At MBT, fibrillarin-containing PNBs regrouped around the rDNAs before the initiation of RNA pol I transcription. In somatic cells, it has been proposed that PNB regroupment is linked to rDNA transcription, as supported by the temporal order of nucleolar building at the end of mitosis and the effects of drugs inhibiting rDNA transcription (Benavente et al., 1987; Scheer et al., 1993; Weisenberger et al., 1993). In this work, we show that pre-rRNAs were present at the site of regroupment of the nucleolar proteins, fibrillarin and nucleolin. In X. laevis, it has been reported that nucleolar accumulation of nucleolin required the presence of the RNA binding domains (Messmer and Dreyer, 1993). It is noticeable that nucleolin from human and mouse was found to interact with nucleolin recognition element motifs in the 5'ETS but also in the ITS and in the 18S and 28S RNA sequences, i.e., with the pre-rRNAs (Serin et al., 1996). Therefore, it is tempting to speculate the existence of an interaction between the unprocessed rRNAs and nucleolin. Future work will address how these two events can be linked or regulated. We do not exclude the hypothesis that interaction of nucleolar proteins with rRNAs or with other proteins could play a role in the building of nucleolus.

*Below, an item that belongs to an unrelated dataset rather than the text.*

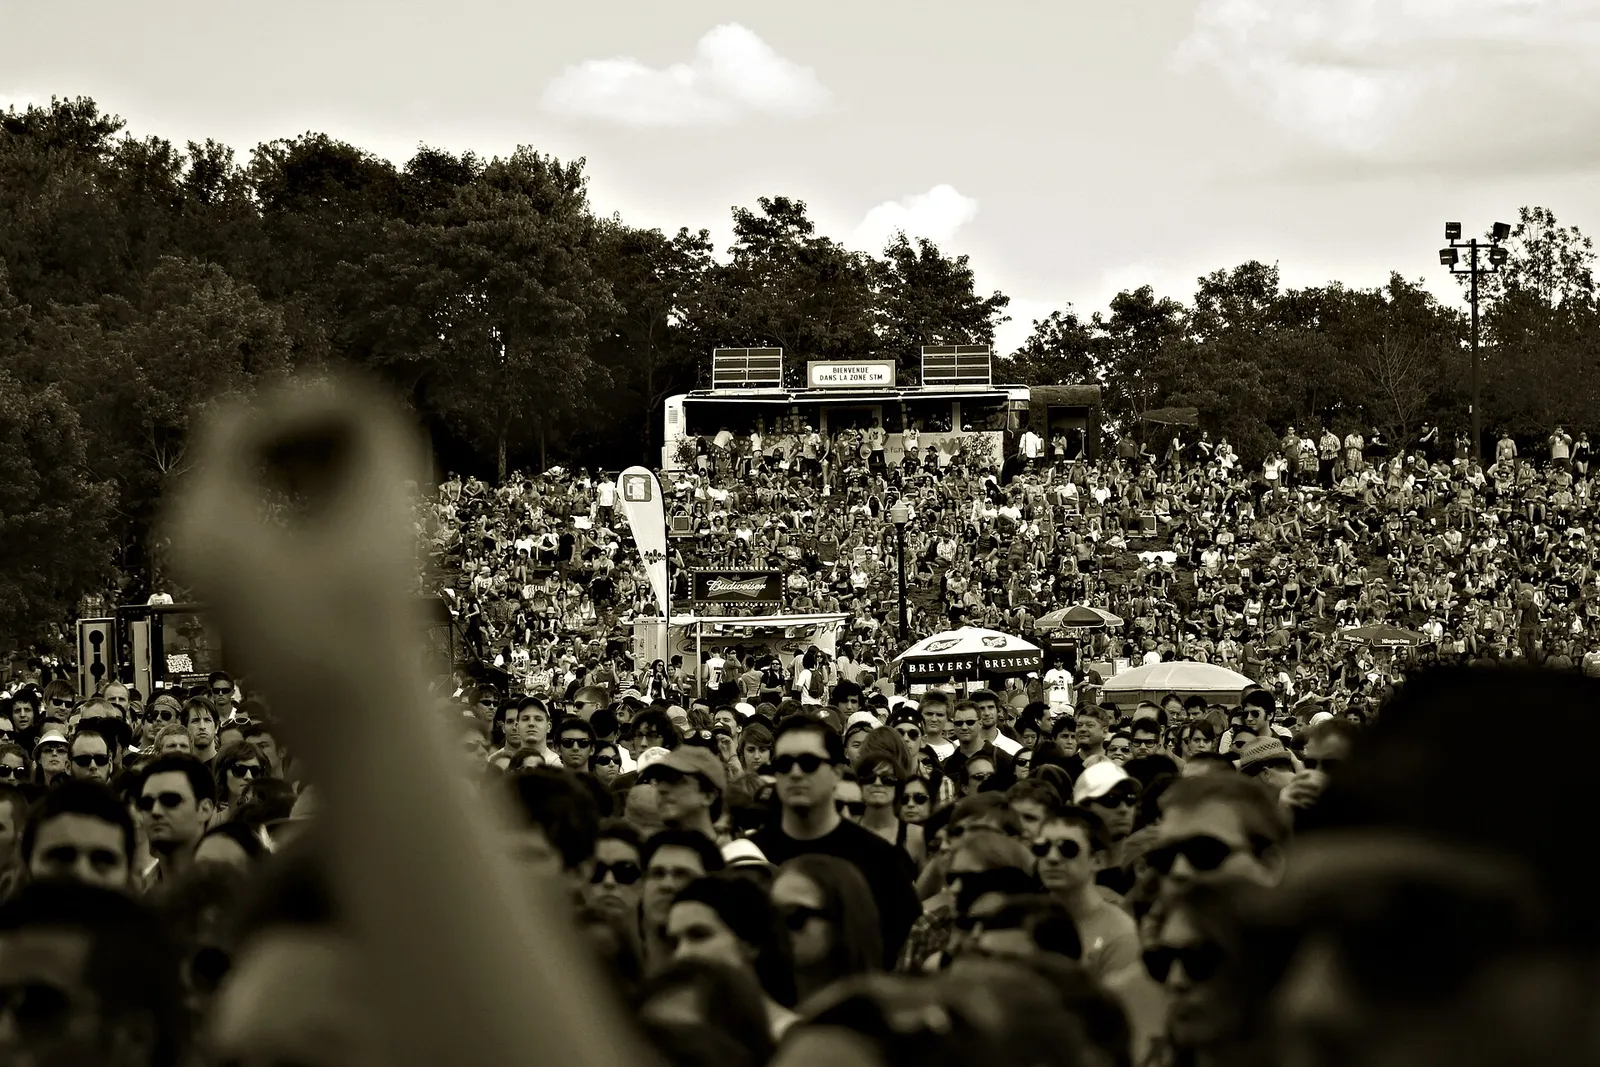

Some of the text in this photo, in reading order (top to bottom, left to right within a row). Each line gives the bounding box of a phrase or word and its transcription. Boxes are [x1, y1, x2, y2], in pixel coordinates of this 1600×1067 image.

[706, 580, 767, 591] Budweiser
[909, 661, 973, 673] BREYERS
[984, 656, 1039, 669] BREYERS

Significance for the Establishment of a Functional Nucleolus
When comparing different models of nucleologenesis, it appears that in the majority of cases, preassembled building material is required. In this work, we found that in Xenopus embryos, cytoplasmic maternal pools were progressively associated with the newly formed nuclei. This was also substantiated in vitro, since fibrillarin, nucleolin and protein B23 present in Xenopus egg extracts accumulated in the reconstituted nuclei and gathered in PNBs (Bell et al., 1992; Bell and Scheer, 1997). In nuclei of early mammalian embryos up to four blastomeres, several nucleolar precursor bodies containing preassembled nucleolar components of maternal origin existed before the formation of an active nucleolus (Biggiogera et al., 1994; Baran et al., 1995, 1996). Similarly at the end of mitosis in cycling cells, nucleologenesis involved the preassembled RNA pol I transcription machinery from the mother cell (Roussel et al., 1996), and PNBs formed by the recruitment of preexisting nucleolar complexes (Scheer et al., 1993).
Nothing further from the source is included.